Directions: There are two parking areas at Johnston Mill Nature Preserve, connected by Robin’s Trail, located off Turkey Farm Road and Mt. Sinai Road, respectively. According to the TLC Johnston Mill Nature Preserve brochure, you can reach the Turkey Farm Road lot by taking “NC 86 north from I-40 (exit 266) 0.1 mile. Turn right on Whitfield Road and follow it for 1 mile. Turn left on Turkey Farm Road and follow that road for 1.2 miles. The parking area is on the left.” You can reach the Mt. Sinai Road lot by taking “NC 86 north from I-40 (exit 266) 1.8 miles. Turn right on Mt. Sinai Road and follow it for 1.1 miles. The parking area is on the right just before the New Hope Creek bridge.”

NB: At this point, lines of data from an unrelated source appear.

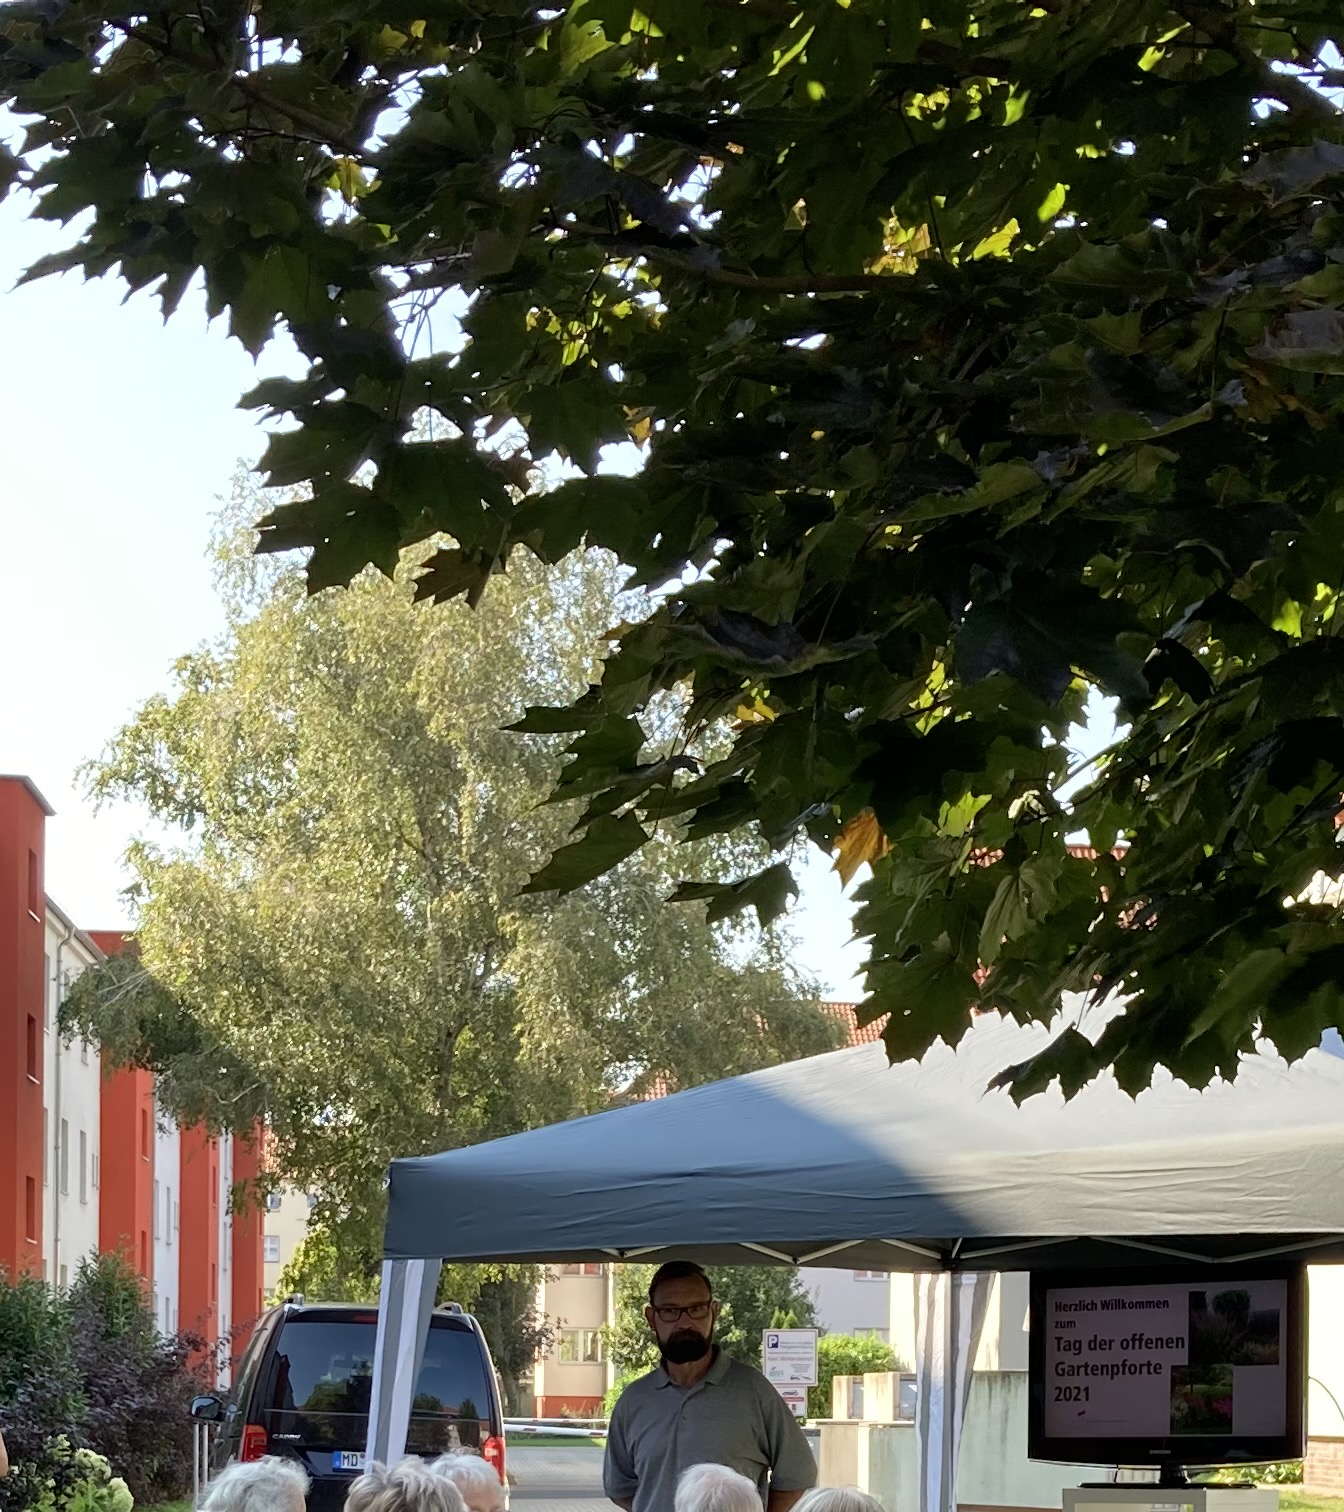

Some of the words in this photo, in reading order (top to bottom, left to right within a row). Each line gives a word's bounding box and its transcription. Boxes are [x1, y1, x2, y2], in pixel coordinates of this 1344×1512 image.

[1054, 1300, 1098, 1313] Herzlich
[1100, 1299, 1170, 1311] Willkommen
[1054, 1320, 1077, 1329] zum
[1054, 1336, 1083, 1356] Tag
[1087, 1334, 1115, 1351] der
[1119, 1332, 1186, 1351] offenen
[1054, 1359, 1163, 1381] Gartenpforte
[1054, 1386, 1090, 1402] 2021
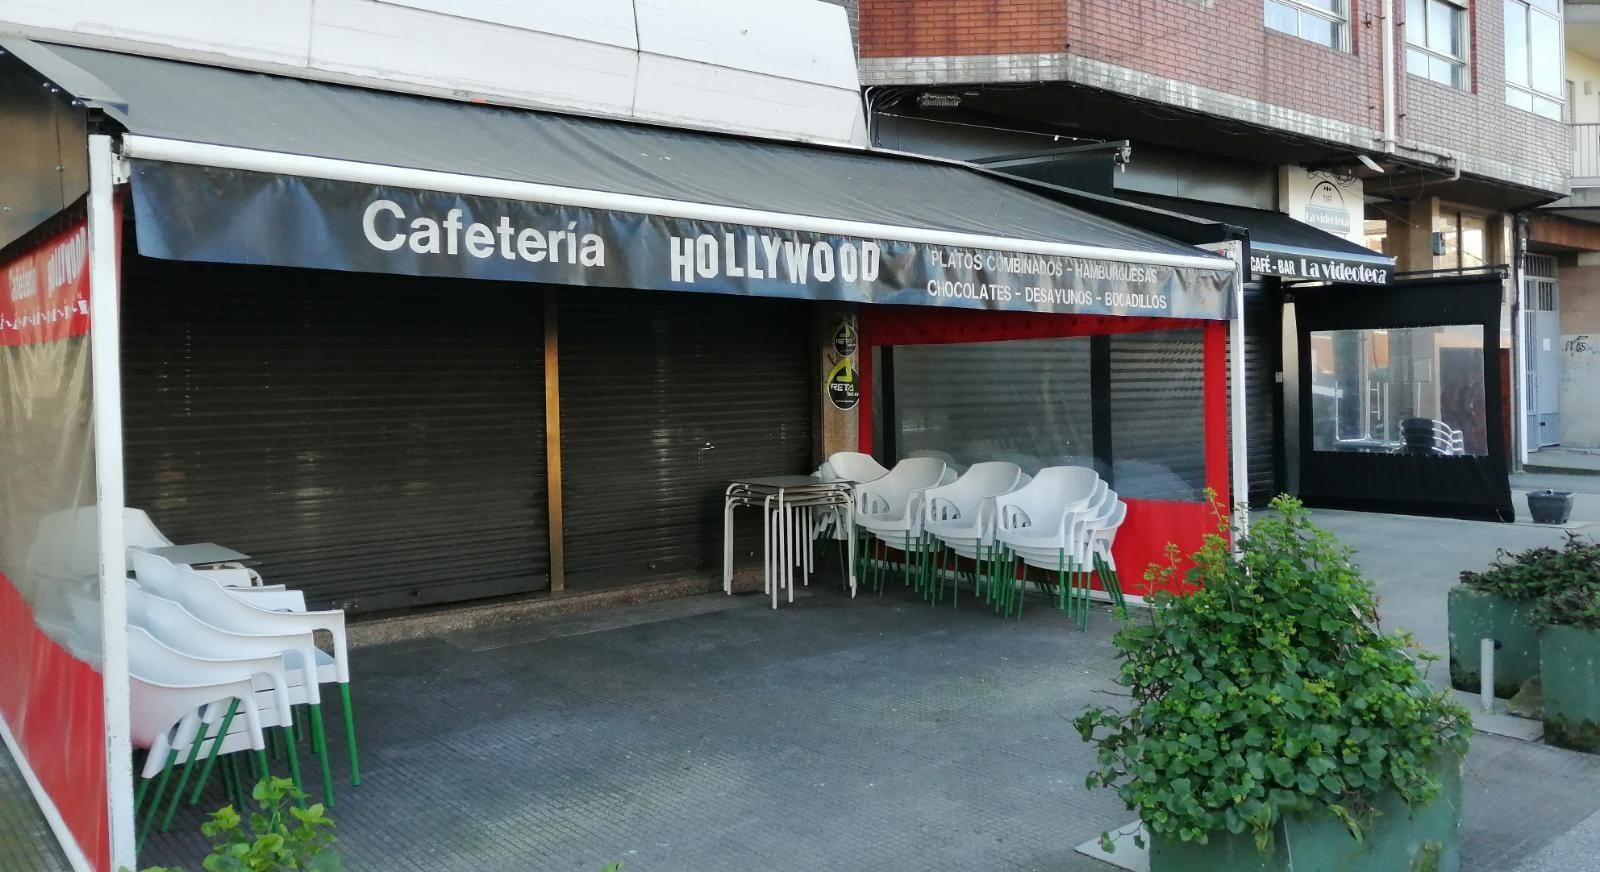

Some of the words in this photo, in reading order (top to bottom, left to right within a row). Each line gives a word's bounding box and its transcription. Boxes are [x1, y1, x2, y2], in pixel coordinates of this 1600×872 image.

[362, 199, 606, 267] Cafetería
[670, 233, 881, 285] HOLLYWOOD
[931, 250, 983, 271] PLATOS
[986, 254, 1063, 277] COMBINADOS
[1075, 262, 1158, 284] HAMBURGUESAS
[1250, 254, 1271, 273] CAFÉ
[1277, 259, 1296, 275] BAR
[1300, 258, 1320, 278] La
[1321, 260, 1387, 284] videoteca
[927, 279, 1012, 301] CHOCOLATES
[1025, 286, 1093, 305] DESAYUNOS
[1104, 292, 1167, 309] BOCADILLOS
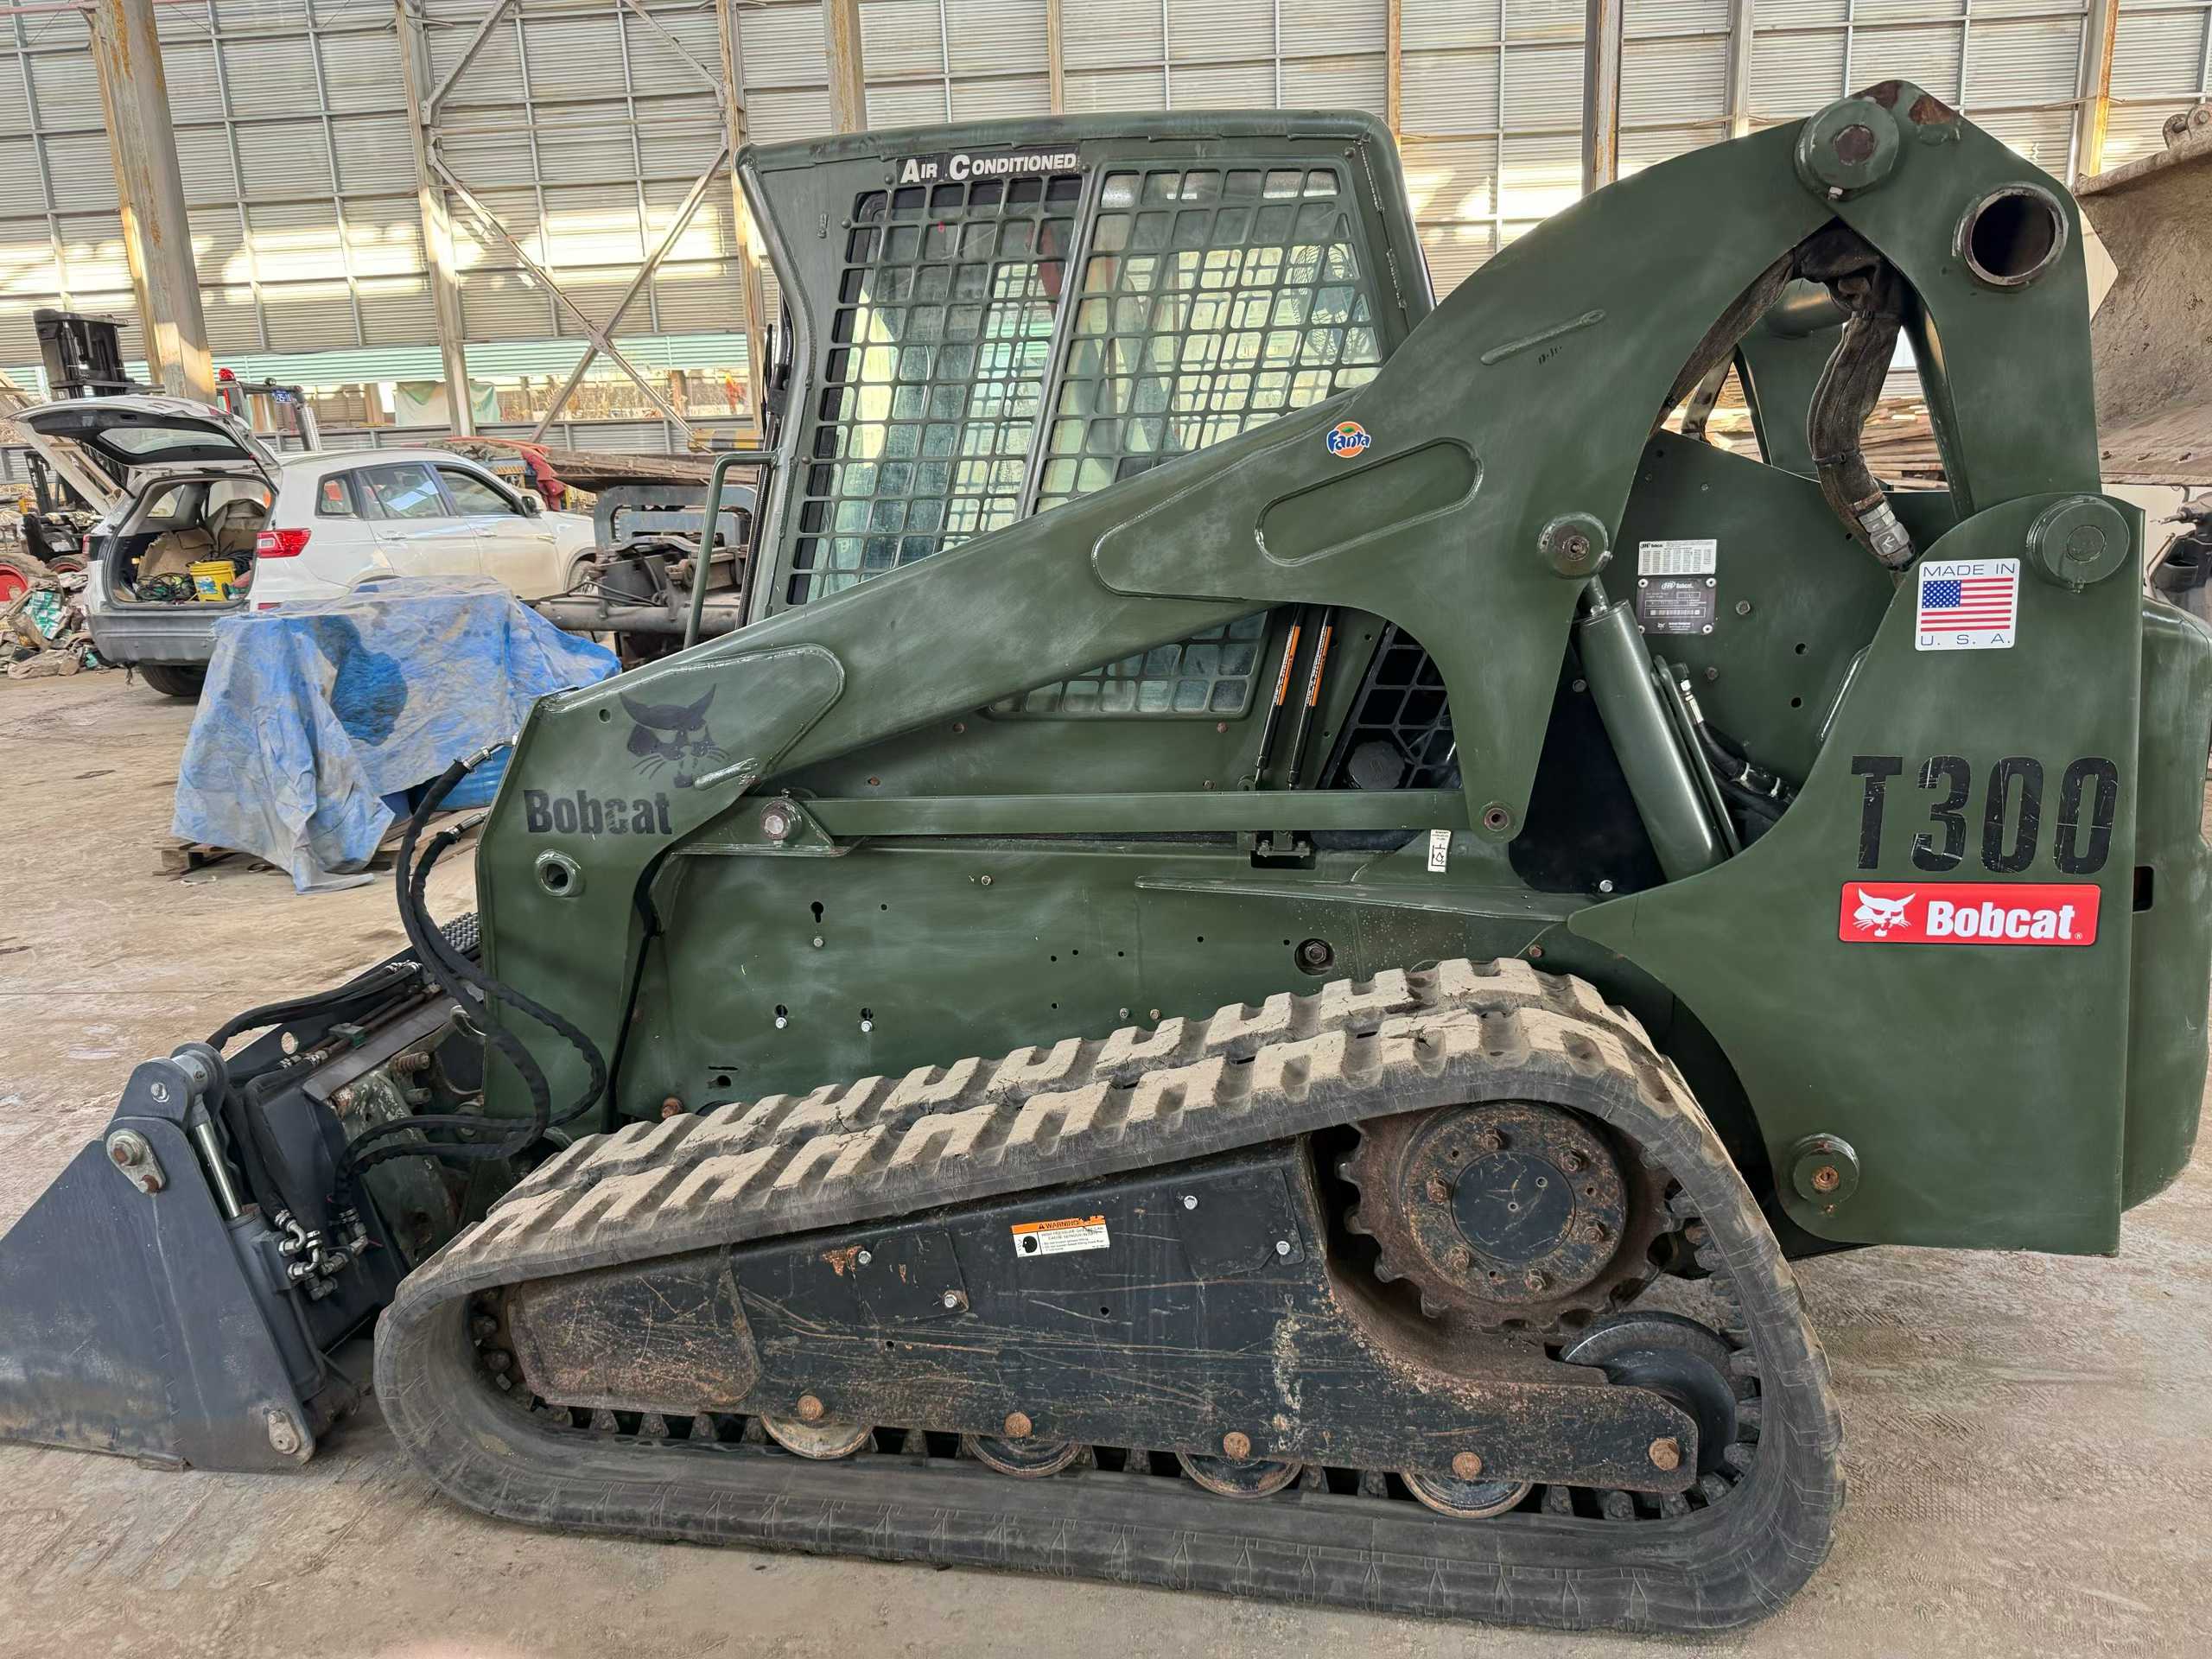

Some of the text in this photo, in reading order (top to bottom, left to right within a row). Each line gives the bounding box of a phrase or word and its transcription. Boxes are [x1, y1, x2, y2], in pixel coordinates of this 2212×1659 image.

[1326, 429, 1371, 454] Fanta
[1923, 563, 2016, 576] MADE IN
[524, 790, 672, 836] Bobcat
[1851, 755, 2119, 874] T300
[1926, 900, 2075, 940] Bobcat
[1046, 1219, 1079, 1230] WARNING

My observations & ponderings: As my husband and I explored Johnston Mill Nature Preserve from the Turkey Farm Road lot on a quiet morning in the middle of the week, we were most powerfully struck by two things: (1) the amazing power of natural disturbance, and (2) the surprising density of fascinating natural phenomena that appears when one takes the time to look and listen.

The effects of natural disturbance are quite evident at Johnston Mill. As we walked along New Hope Creek, it was easy to see fresh sediments deposited as far as twenty feet from the creek by recent flooding. Although the extent of flooding is perhaps exacerbated by local land use change, the process itself is a natural one—one that replenishes the nutrients of North Carolina’s bottomland forests. In places, you can see this story written directly onto the landscape along the creek’s edge.

Other forms of disturbance are evident here too: hurricanes and ice storms. Their impacts show up in the blowdowns along the Bluff Trail, which was affected by Hurricane Fran in 1996 and a severe ice storm in late 2002. The evidence of nature’s power at Johnston Mill serves as a humbling reminder of both our responsibility to care for the earth and our vulnerability to natural phenomena.

Taking a slow walk—I’m over six months pregnant, so all our walks are slow now—gave us the opportunity to notice organisms that often go ignored. With recent rains and cool weather, mushrooms have erupted throughout the bottomlands. We were lucky to find a beautiful crown coral (Clavicorona spp.) at Johnston Mill. Fortunately, a group of mycologists and mycophiles recently found crown coral (Clavicorona pyxidata) nearby in the Duke Forest, making identification easier.

Beyond mushrooms and ornate bryophytes, we were also greeted by an abundance of insects, still active despite the cooler weather. Butterflies and moths fluttered past as mosquitoes hovered around our heads and crickets called in the distance. At one point, a katydid—startlingly present up close—pulled our attention back into the small-scale world that hums along under the canopy.

That flurry of insect activity drew our attention toward the wildflowers at Johnston Mill. Some flowers, like the small red morning glory (Ipomoea coccinea), though weedy, still managed to awe us with their vibrance. Others served as a quieter seasonal marker: downy rattlesnake plantain (Goodyera pubescens), which blooms in summer and was now reduced to basal leaves, and crane-fly orchid (Tipularia discolor), whose winter leaves were only beginning to emerge—an unignorable reminder that summer was over and autumn had arrived.